___ SUPPLIED MATERIAL ___

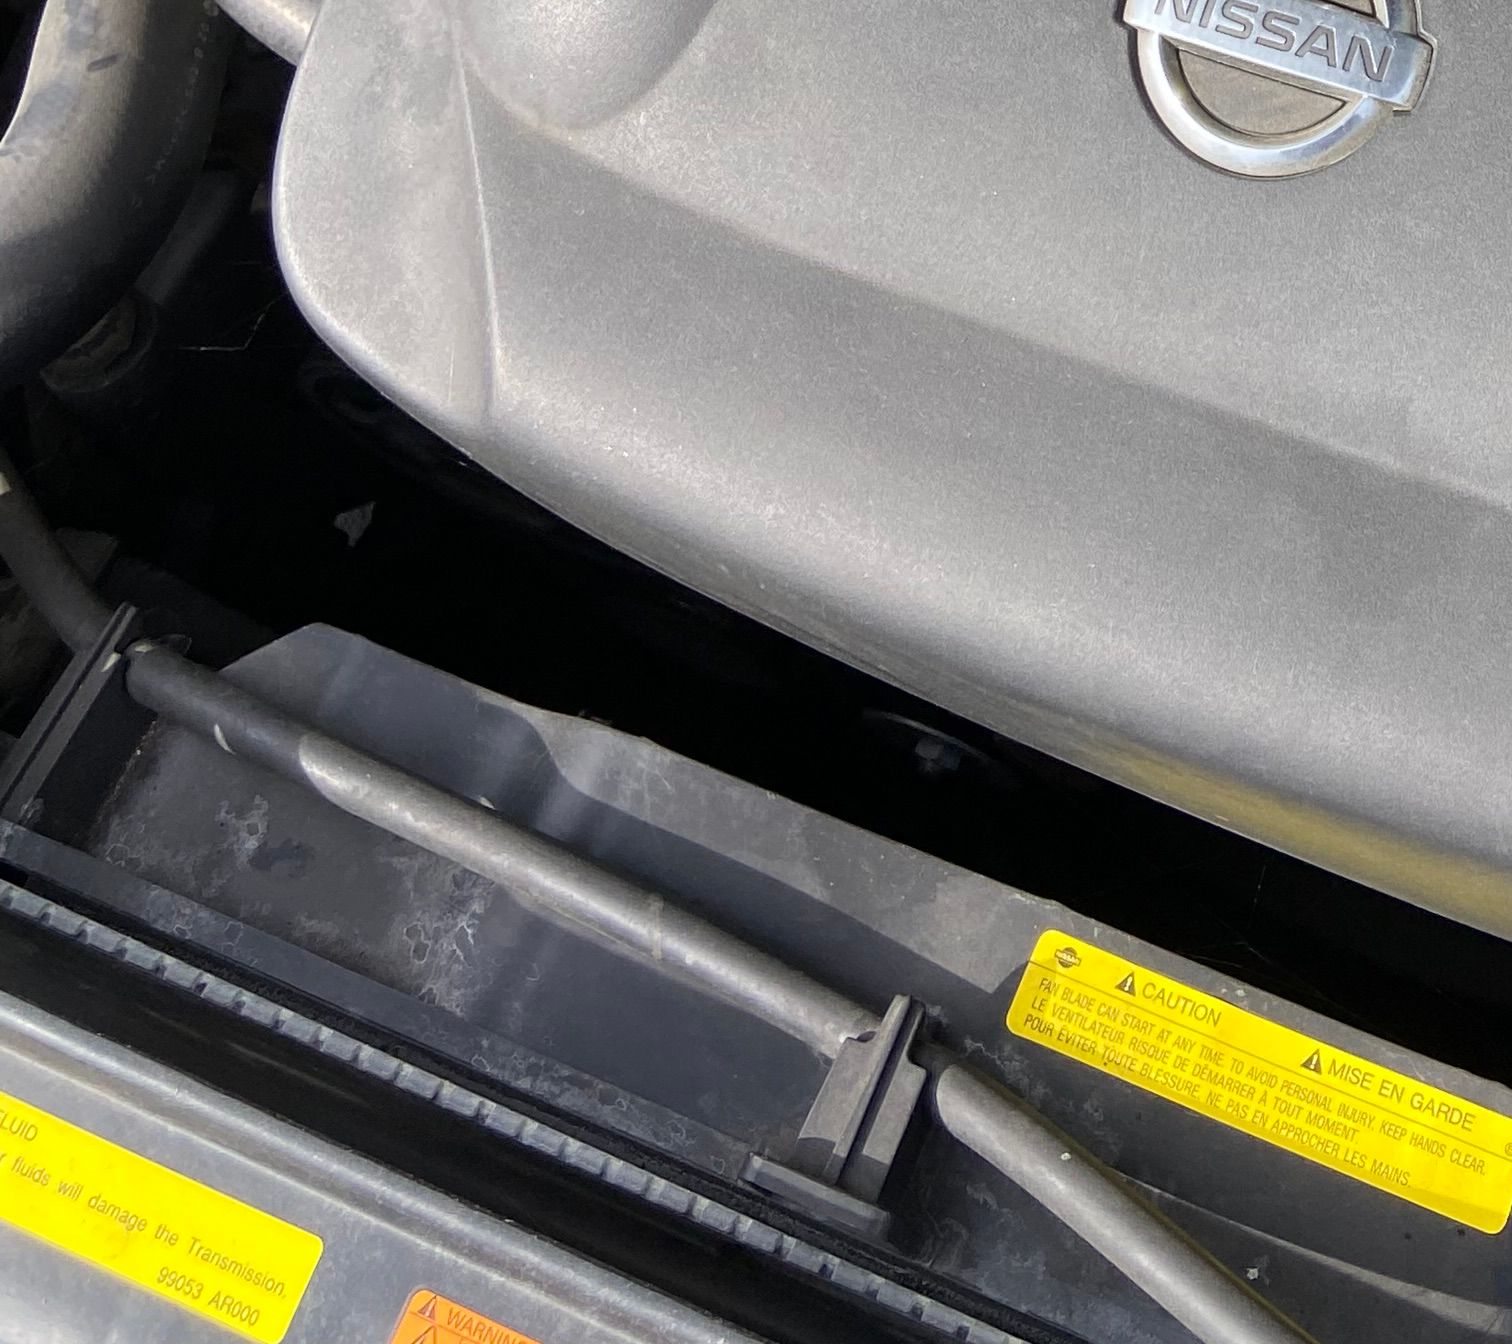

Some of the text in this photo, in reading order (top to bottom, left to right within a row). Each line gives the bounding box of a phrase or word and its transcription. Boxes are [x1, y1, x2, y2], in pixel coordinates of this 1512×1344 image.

[1142, 982, 1222, 1027] CAUTION
[1032, 996, 1048, 1012] LE
[1051, 1003, 1125, 1045] VENTILATEUR
[1128, 1036, 1172, 1065] RISQUE
[1173, 1055, 1192, 1073] DE
[1193, 1060, 1255, 1100] DÉMARRER
[1258, 1088, 1269, 1107] À
[1272, 1096, 1304, 1120] TOUT
[1039, 977, 1057, 993] FAN
[1061, 985, 1096, 1012] BLADE
[1100, 1003, 1120, 1023] CAN
[1121, 1012, 1156, 1036] START
[1157, 1026, 1172, 1043] AT
[1172, 1036, 1197, 1055] ANY
[1230, 1057, 1245, 1076] TO
[1245, 1066, 1279, 1089] AVOID
[1280, 1079, 1333, 1113] PERSONAL
[1380, 1119, 1407, 1141] KEEP
[1409, 1131, 1447, 1158] HANDS
[1450, 1148, 1486, 1176] CLEAR.
[1327, 1058, 1476, 1132] MISE EN GARDE
[1023, 1015, 1055, 1036] POUR
[1057, 1023, 1098, 1055] ÉVITER
[1102, 1045, 1139, 1073] TOUTE
[1206, 1090, 1222, 1109] NE
[1225, 1098, 1250, 1120] PAS
[1251, 1110, 1270, 1128] EN
[1271, 1119, 1342, 1162] APPROCHER
[1344, 1146, 1368, 1169] LES
[1370, 1159, 1412, 1188] MAINS.
[11, 1155, 51, 1187] fluids
[57, 1180, 84, 1201] will
[88, 1194, 148, 1232] damage
[154, 1223, 179, 1247] the
[156, 1266, 261, 1327] 99053 AR000
[446, 1308, 527, 1344] WARNIN

___

# YOUR GOAL
Quote the entries in full. Any image among them is to be omitted from the copy.

# WRITTEN SOLUTION
Some of the text in this photo, in reading order (top to bottom, left to right within a row). Each line gives the bounding box of a phrase or word and its transcription. Boxes are [x1, y1, x2, y2], in pixel coordinates of this 1512×1344 image.

[1142, 982, 1222, 1027] CAUTION
[1032, 996, 1048, 1012] LE
[1051, 1003, 1125, 1045] VENTILATEUR
[1128, 1036, 1172, 1065] RISQUE
[1173, 1055, 1192, 1073] DE
[1193, 1060, 1255, 1100] DÉMARRER
[1258, 1088, 1269, 1107] À
[1272, 1096, 1304, 1120] TOUT
[1039, 977, 1057, 993] FAN
[1061, 985, 1096, 1012] BLADE
[1100, 1003, 1120, 1023] CAN
[1121, 1012, 1156, 1036] START
[1157, 1026, 1172, 1043] AT
[1172, 1036, 1197, 1055] ANY
[1230, 1057, 1245, 1076] TO
[1245, 1066, 1279, 1089] AVOID
[1280, 1079, 1333, 1113] PERSONAL
[1380, 1119, 1407, 1141] KEEP
[1409, 1131, 1447, 1158] HANDS
[1450, 1148, 1486, 1176] CLEAR.
[1327, 1058, 1476, 1132] MISE EN GARDE
[1023, 1015, 1055, 1036] POUR
[1057, 1023, 1098, 1055] ÉVITER
[1102, 1045, 1139, 1073] TOUTE
[1206, 1090, 1222, 1109] NE
[1225, 1098, 1250, 1120] PAS
[1251, 1110, 1270, 1128] EN
[1271, 1119, 1342, 1162] APPROCHER
[1344, 1146, 1368, 1169] LES
[1370, 1159, 1412, 1188] MAINS.
[11, 1155, 51, 1187] fluids
[57, 1180, 84, 1201] will
[88, 1194, 148, 1232] damage
[154, 1223, 179, 1247] the
[156, 1266, 261, 1327] 99053 AR000
[446, 1308, 527, 1344] WARNIN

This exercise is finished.